Setting Up Multiple Currencies > Statutory Currency
  
Statutory Currency
You have the option to use an additional base currency for reporting purposes. This second currency is known as the statutory currency. The need for a statutory currency arises from a combination of global IFRS requirements and local GAAP in some countries. The statutory currency is set at the domain level, and is inherited by the entities assigned to the domains. See Setting Up Domains.
The need for a statutory currency is most likely to arise in a country that is geographically close to a strong currency zone (for example, Mexico and Poland), where the country itself has another local currency. Companies operating in countries close to strong currency zones, such as the Euro and US dollars, might use the stronger currency as their base currency (functional currency). However, local auditors and tax controllers can mandate that companies submit their declarations and financial reports in the local currency of the country. In these cases, the local country currency becomes the organization’s statutory currency.
Example: A multinational corporation has a subsidiary in Mexico. In the Mexican subsidiary, most business is conducted in USD, which is the base currency. However, all reports that the subsidiary must produce for the Mexican government are in Mexican Pesos, which is the statutory currency.

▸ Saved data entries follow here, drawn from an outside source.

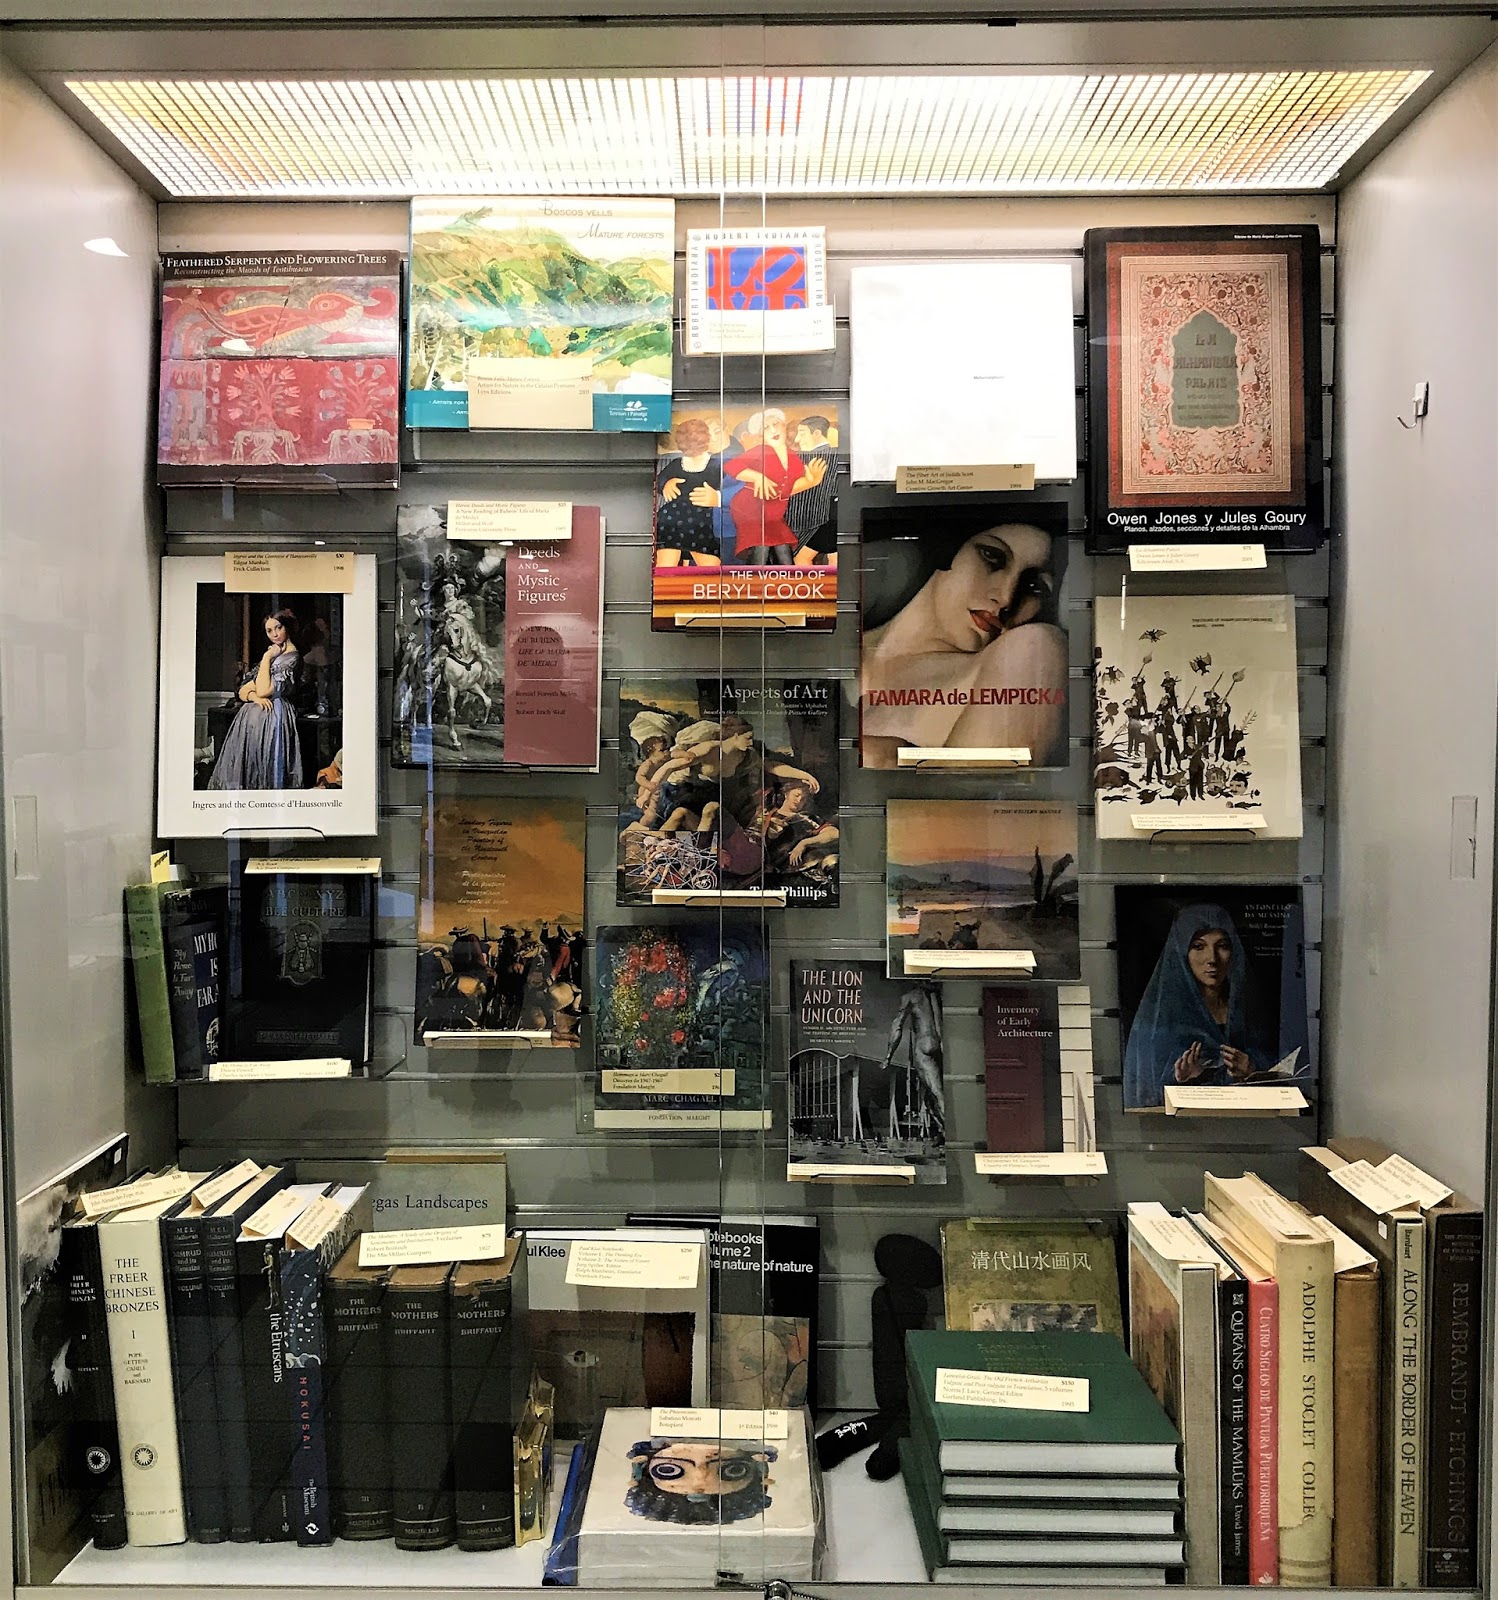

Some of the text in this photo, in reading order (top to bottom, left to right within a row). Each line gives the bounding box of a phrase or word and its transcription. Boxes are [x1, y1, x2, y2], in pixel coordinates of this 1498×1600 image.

[538, 200, 612, 217] BOSCOS VELLS
[577, 223, 623, 239] MATURE
[167, 253, 387, 268] FEATHERED SERPENTS AND FLOWERING TREES
[174, 267, 224, 276] Reconstructing
[226, 266, 236, 274] the
[262, 266, 270, 274] of
[1107, 510, 1306, 526] Owen Jones y Jules Goury
[518, 546, 560, 558] Deeds
[518, 575, 560, 590] Mystic
[730, 570, 825, 581] THE WORLD OF
[517, 590, 566, 604] Figures
[693, 583, 825, 600] BERYL COOK
[722, 685, 828, 702] Aspects of Art
[867, 688, 1065, 706] TAMARA de LEMPICKA
[192, 800, 343, 810] Ingres and the Comtesse d'Haussonville
[267, 889, 296, 899] ABC
[780, 886, 827, 900] Phillips
[265, 907, 344, 917] BEE CULTURE
[802, 970, 863, 986] THE LION
[197, 987, 213, 1009] FAR
[803, 990, 861, 1005] AND THE
[802, 1008, 863, 1024] UNICORN
[997, 1006, 1040, 1016] Inventory
[997, 1017, 1031, 1027] of Early
[643, 1095, 669, 1103] MARC
[405, 1195, 488, 1212] Landscapes
[539, 1246, 566, 1257] Klee
[743, 1246, 751, 1257] 2
[115, 1258, 139, 1269] THE
[722, 1259, 813, 1273] nature of nature
[971, 1250, 1092, 1271] 清代山水画风
[110, 1272, 148, 1284] FREER
[105, 1287, 156, 1298] CHINESE
[106, 1301, 159, 1313] BRONZES
[334, 1306, 381, 1316] MOTHERS
[457, 1310, 506, 1319] MOTHERS
[391, 1311, 439, 1320] MOTHERS
[1302, 1282, 1316, 1364] ADOLPHE
[338, 1323, 379, 1331] BRIFFAULT
[461, 1327, 502, 1335] BRIFFAULT
[270, 1313, 285, 1383] the Etruscans
[1450, 1282, 1470, 1414] REMBRANDT
[1232, 1374, 1244, 1392] OF
[1232, 1397, 1244, 1422] THE
[1400, 1269, 1418, 1535] ALONG THE BORDER OF HEAVEN
[300, 1376, 311, 1450] HOKUSAI
[1302, 1374, 1316, 1450] STOCLET
[1258, 1307, 1273, 1542] CUATRO SIGLOS DE PINTURA PUERTORRIQUEÑA
[1448, 1432, 1466, 1542] ETCHINGS
[303, 1487, 311, 1516] Museum
[309, 1486, 317, 1508] British
[1234, 1504, 1243, 1556] David James

In some countries, the use of the statutory currency can be limited to a few reports, such as tax and basic GL reports. However, in other countries, companies can be required to submit many reports in the local statutory currency; for example, balance sheet, income statement, daybooks, general ledger, sub-ledgers, and tax declaration reports. To meet these requirements, you can run all GL, AR, AP, and tax reports to display output in statutory currency.
The system uses a dedicated statutory exchange rate when converting transaction amounts to and from the statutory currency. However, you can choose to use the normal accounting exchange rate for statutory currency calculation. See Exchange Rate Types. All GL transactions contain statutory currency amount fields on the same level as the base currency amount fields, including tax transactions.
You can revaluate transactions in transaction currency, relative to the statutory currency. The Currency tab of GL Account Create contains account settings for transaction currency revaluation in statutory currency. See Journal Entries and Daybook Security.
The concept of statutory currency does not exist in the operational modules. Therefore, when operational transactions are fed into Financials using Operational Transaction Post and Invoice Print and Post, the system calculates the GL transaction amounts in statutory currency, and adds these values to the posted transactions. The system converts the base currency amount to statutory currency using the statutory exchange rate type.
See Inventory Exchange Rate for details on how the system converts inventory transactions on inventory accounts to statutory currency.
Statutory-Currency Utility
Use the Statutory-Currency Utility (36.25.90) to change the statutory currency code of a domain to a different currency, even after transactions have been posted in the domain. The utility reinitializes the statutory currency amount fields for all transactions in the domain.
See QAD System Administration User Guide for detailed information on the Statutory-Currency Utility.